PROBLEM DESCRIPTION:
Nothing but the entries, copied exactly, should appear in the response.

RECORDED DATA:
-- -- --

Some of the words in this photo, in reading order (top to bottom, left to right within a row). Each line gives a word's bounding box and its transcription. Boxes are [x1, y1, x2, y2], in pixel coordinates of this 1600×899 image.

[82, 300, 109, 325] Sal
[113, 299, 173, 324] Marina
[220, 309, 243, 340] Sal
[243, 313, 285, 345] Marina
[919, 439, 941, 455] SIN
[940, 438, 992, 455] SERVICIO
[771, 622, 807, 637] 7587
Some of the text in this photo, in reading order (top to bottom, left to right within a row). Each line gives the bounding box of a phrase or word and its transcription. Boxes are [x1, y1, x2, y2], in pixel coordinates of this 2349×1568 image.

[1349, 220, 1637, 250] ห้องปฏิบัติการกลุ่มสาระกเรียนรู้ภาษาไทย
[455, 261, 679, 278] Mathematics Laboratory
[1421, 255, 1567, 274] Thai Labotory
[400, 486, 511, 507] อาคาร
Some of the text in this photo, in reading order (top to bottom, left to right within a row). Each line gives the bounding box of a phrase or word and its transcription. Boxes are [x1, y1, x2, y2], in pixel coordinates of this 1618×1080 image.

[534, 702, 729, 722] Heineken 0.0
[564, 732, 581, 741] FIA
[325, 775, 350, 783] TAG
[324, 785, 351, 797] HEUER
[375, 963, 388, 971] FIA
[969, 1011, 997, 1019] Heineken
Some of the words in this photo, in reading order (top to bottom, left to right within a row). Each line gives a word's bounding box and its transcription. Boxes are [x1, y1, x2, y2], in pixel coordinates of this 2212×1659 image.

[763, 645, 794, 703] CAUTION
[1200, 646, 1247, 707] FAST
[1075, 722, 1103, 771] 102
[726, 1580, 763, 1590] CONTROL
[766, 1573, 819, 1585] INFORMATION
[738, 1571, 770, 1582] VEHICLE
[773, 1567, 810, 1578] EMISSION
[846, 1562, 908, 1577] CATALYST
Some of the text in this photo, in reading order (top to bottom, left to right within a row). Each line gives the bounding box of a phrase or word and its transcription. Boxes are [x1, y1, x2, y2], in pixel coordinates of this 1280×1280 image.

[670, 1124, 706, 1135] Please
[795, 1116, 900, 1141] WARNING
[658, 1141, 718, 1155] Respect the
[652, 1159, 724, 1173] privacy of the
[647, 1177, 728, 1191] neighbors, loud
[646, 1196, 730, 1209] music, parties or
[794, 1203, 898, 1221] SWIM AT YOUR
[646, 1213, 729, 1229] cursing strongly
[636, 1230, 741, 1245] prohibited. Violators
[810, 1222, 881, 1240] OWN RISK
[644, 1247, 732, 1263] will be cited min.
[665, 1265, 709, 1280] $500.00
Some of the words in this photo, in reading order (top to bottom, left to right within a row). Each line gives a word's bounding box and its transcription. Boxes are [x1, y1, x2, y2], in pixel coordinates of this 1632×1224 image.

-- -- --

RESULT FOR THIS EXERCISE:
Some of the words in this photo, in reading order (top to bottom, left to right within a row). Each line gives a word's bounding box and its transcription. Boxes are [x1, y1, x2, y2], in pixel coordinates of this 1600×899 image.

[82, 300, 109, 325] Sal
[113, 299, 173, 324] Marina
[220, 309, 243, 340] Sal
[243, 313, 285, 345] Marina
[919, 439, 941, 455] SIN
[940, 438, 992, 455] SERVICIO
[771, 622, 807, 637] 7587
Some of the text in this photo, in reading order (top to bottom, left to right within a row). Each line gives the bounding box of a phrase or word and its transcription. Boxes are [x1, y1, x2, y2], in pixel coordinates of this 2349×1568 image.

[1349, 220, 1637, 250] ห้องปฏิบัติการกลุ่มสาระกเรียนรู้ภาษาไทย
[455, 261, 679, 278] Mathematics Laboratory
[1421, 255, 1567, 274] Thai Labotory
[400, 486, 511, 507] อาคาร
Some of the text in this photo, in reading order (top to bottom, left to right within a row). Each line gives the bounding box of a phrase or word and its transcription. Boxes are [x1, y1, x2, y2], in pixel coordinates of this 1618×1080 image.

[534, 702, 729, 722] Heineken 0.0
[564, 732, 581, 741] FIA
[325, 775, 350, 783] TAG
[324, 785, 351, 797] HEUER
[375, 963, 388, 971] FIA
[969, 1011, 997, 1019] Heineken
Some of the words in this photo, in reading order (top to bottom, left to right within a row). Each line gives a word's bounding box and its transcription. Boxes are [x1, y1, x2, y2], in pixel coordinates of this 2212×1659 image.

[763, 645, 794, 703] CAUTION
[1200, 646, 1247, 707] FAST
[1075, 722, 1103, 771] 102
[726, 1580, 763, 1590] CONTROL
[766, 1573, 819, 1585] INFORMATION
[738, 1571, 770, 1582] VEHICLE
[773, 1567, 810, 1578] EMISSION
[846, 1562, 908, 1577] CATALYST
Some of the text in this photo, in reading order (top to bottom, left to right within a row). Each line gives the bounding box of a phrase or word and its transcription. Boxes are [x1, y1, x2, y2], in pixel coordinates of this 1280×1280 image.

[670, 1124, 706, 1135] Please
[795, 1116, 900, 1141] WARNING
[658, 1141, 718, 1155] Respect the
[652, 1159, 724, 1173] privacy of the
[647, 1177, 728, 1191] neighbors, loud
[646, 1196, 730, 1209] music, parties or
[794, 1203, 898, 1221] SWIM AT YOUR
[646, 1213, 729, 1229] cursing strongly
[636, 1230, 741, 1245] prohibited. Violators
[810, 1222, 881, 1240] OWN RISK
[644, 1247, 732, 1263] will be cited min.
[665, 1265, 709, 1280] $500.00
Some of the words in this photo, in reading order (top to bottom, left to right within a row). Each line gives a word's bounding box and its transcription. Boxes are [x1, y1, x2, y2], in pixel coordinates of this 1632×1224 image.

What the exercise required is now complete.